As regular TAC Blog readers know, 42 states have Assisted Outpatient Treatment (AOT) laws that permit a court to order community based treatment for some people with severe mental illness who meet the state’s strict eligibility requirement. This legal mechanism has been proven to reduce consequences of nontreatment like hospitalizations, incarcerations, victimization, and violence.

Florida passed its law - known in that state as “The Baker Act Reform” and “Involuntary Outpatient Placement” - in 2005. At the time the legislature was considering the measure, opponents asserted that the law would affect several thousand people resulting in a total hardship on the courts, public defenders, and the mental health system. As it turns out, the reality is that it is used for a very select few individuals and to great benefit.

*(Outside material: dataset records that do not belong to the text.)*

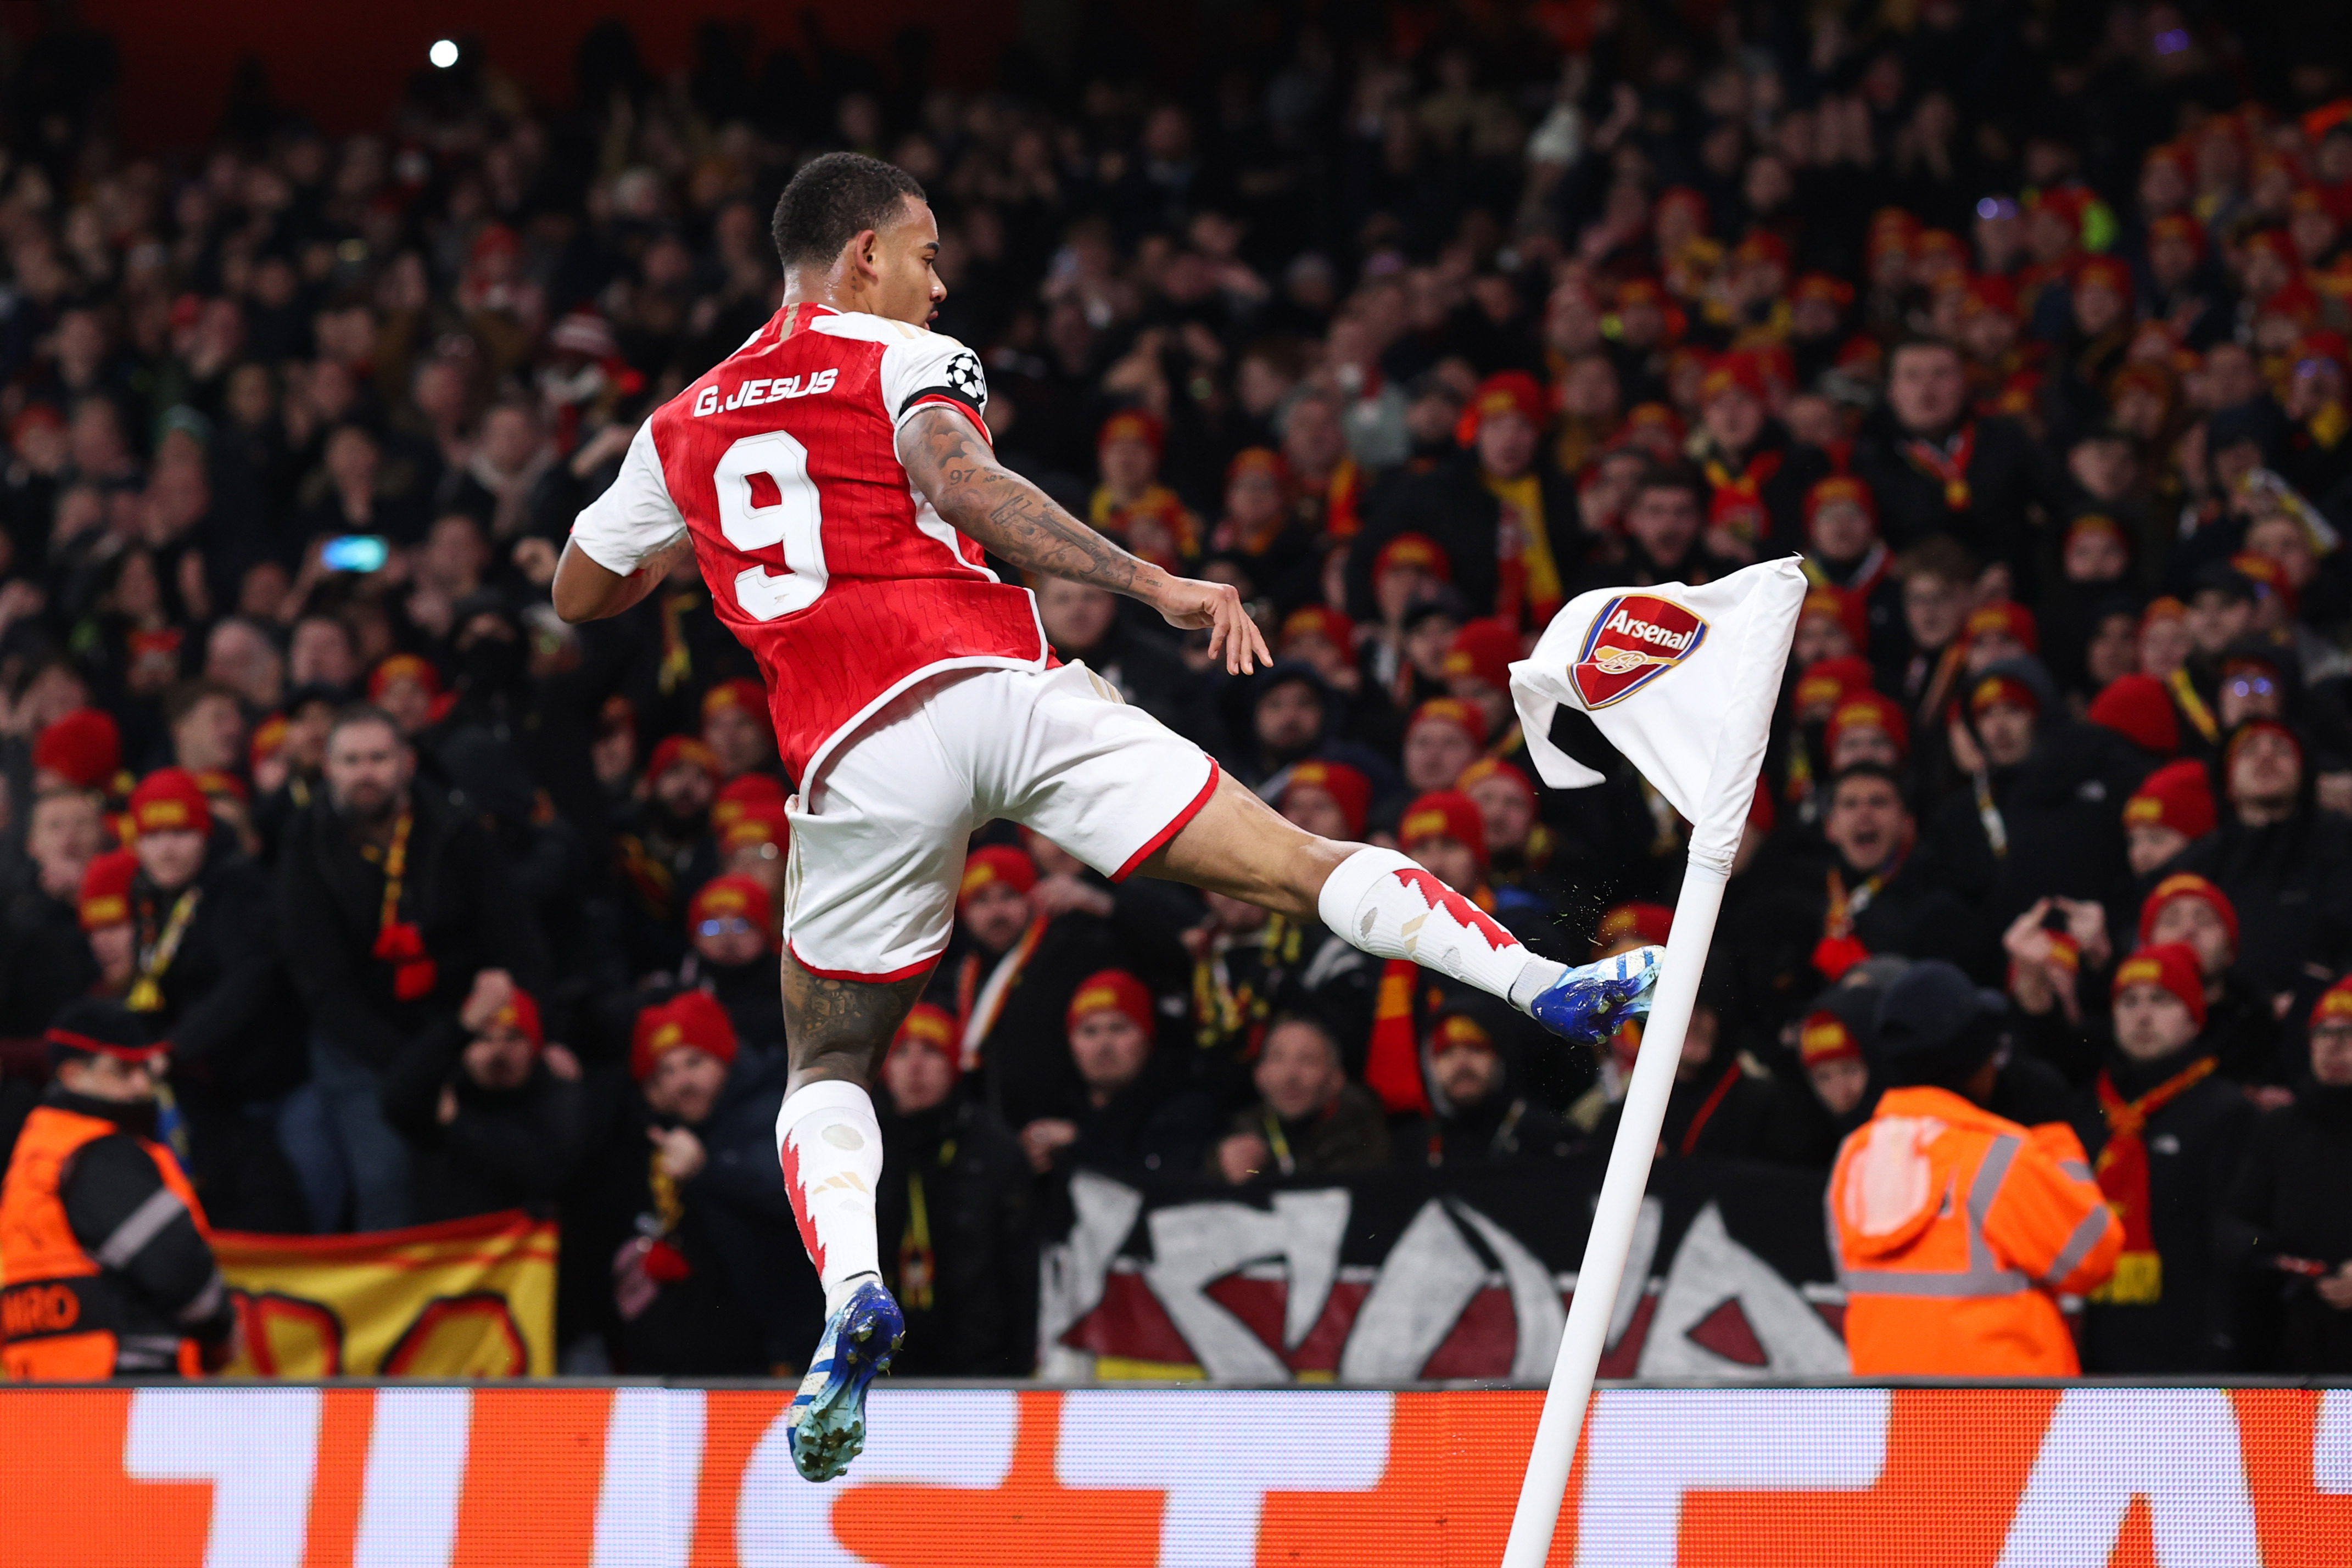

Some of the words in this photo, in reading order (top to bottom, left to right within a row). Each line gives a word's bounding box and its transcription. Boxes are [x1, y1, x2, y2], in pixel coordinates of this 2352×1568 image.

[693, 368, 839, 417] G.JESUS
[949, 468, 976, 485] 97
[713, 430, 829, 622] 9
[1605, 609, 1694, 651] Arsenal
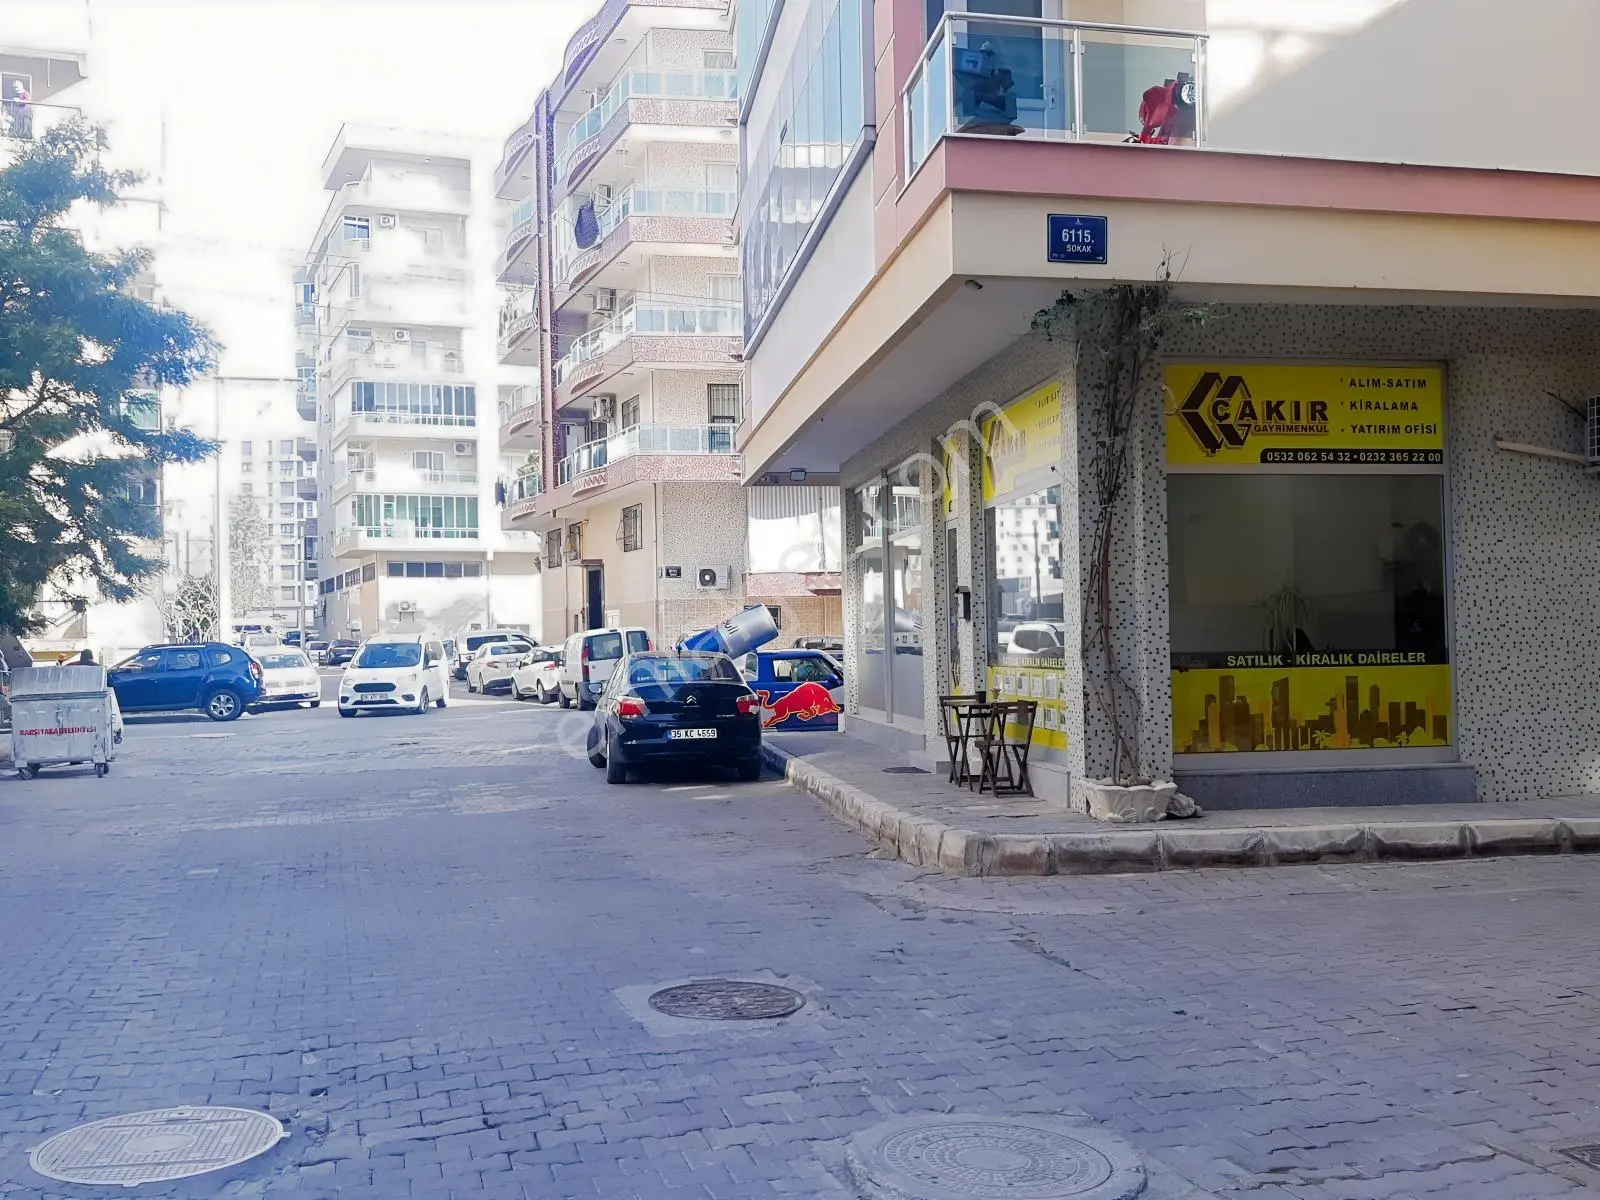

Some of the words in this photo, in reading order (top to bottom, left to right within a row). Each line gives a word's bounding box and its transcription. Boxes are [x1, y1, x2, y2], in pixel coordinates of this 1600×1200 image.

[1061, 228, 1095, 243] 6115.
[1066, 244, 1092, 253] SOKAK
[1349, 378, 1427, 388] ALIM-SATIM
[1349, 399, 1418, 411] KİRALAMA
[1211, 400, 1329, 423] ÇAKIR
[1253, 423, 1330, 433] GAYRİMENKUL
[1350, 424, 1400, 434] YATIRIM
[1404, 422, 1437, 434] OFİSİ
[1266, 452, 1294, 461] 0532
[1297, 452, 1318, 461] 062
[1321, 452, 1334, 461] 54
[1389, 452, 1409, 461] 365
[1412, 452, 1425, 461] 22
[1428, 452, 1441, 461] 00
[1227, 655, 1284, 667] SATILIK
[1295, 652, 1355, 665] KİRALIK
[1358, 651, 1426, 664] DAİRELER
[684, 729, 695, 738] KC

But the most important question to ask is, “Does assisted outpatient treatment help some people with severe mental illness to achieve better outcomes?” And the answer in Florida, as in other states and in the research, is a solid “YES.” Results from the most used program in Florida were recently published in a letter in Psychiatric Services. For patients in the program, when the length of time in the program was compared to an identical length of time before the patient entered the program:
  • The average number of hospital days per patient decreased from 64.0 to 36.8, a 43% decrease.
  • The savings in hospital costs averaged $14,463 per patient.
  • The average number of days incarcerated per patient decreased from 16.1 to 4.5, a 72% decrease.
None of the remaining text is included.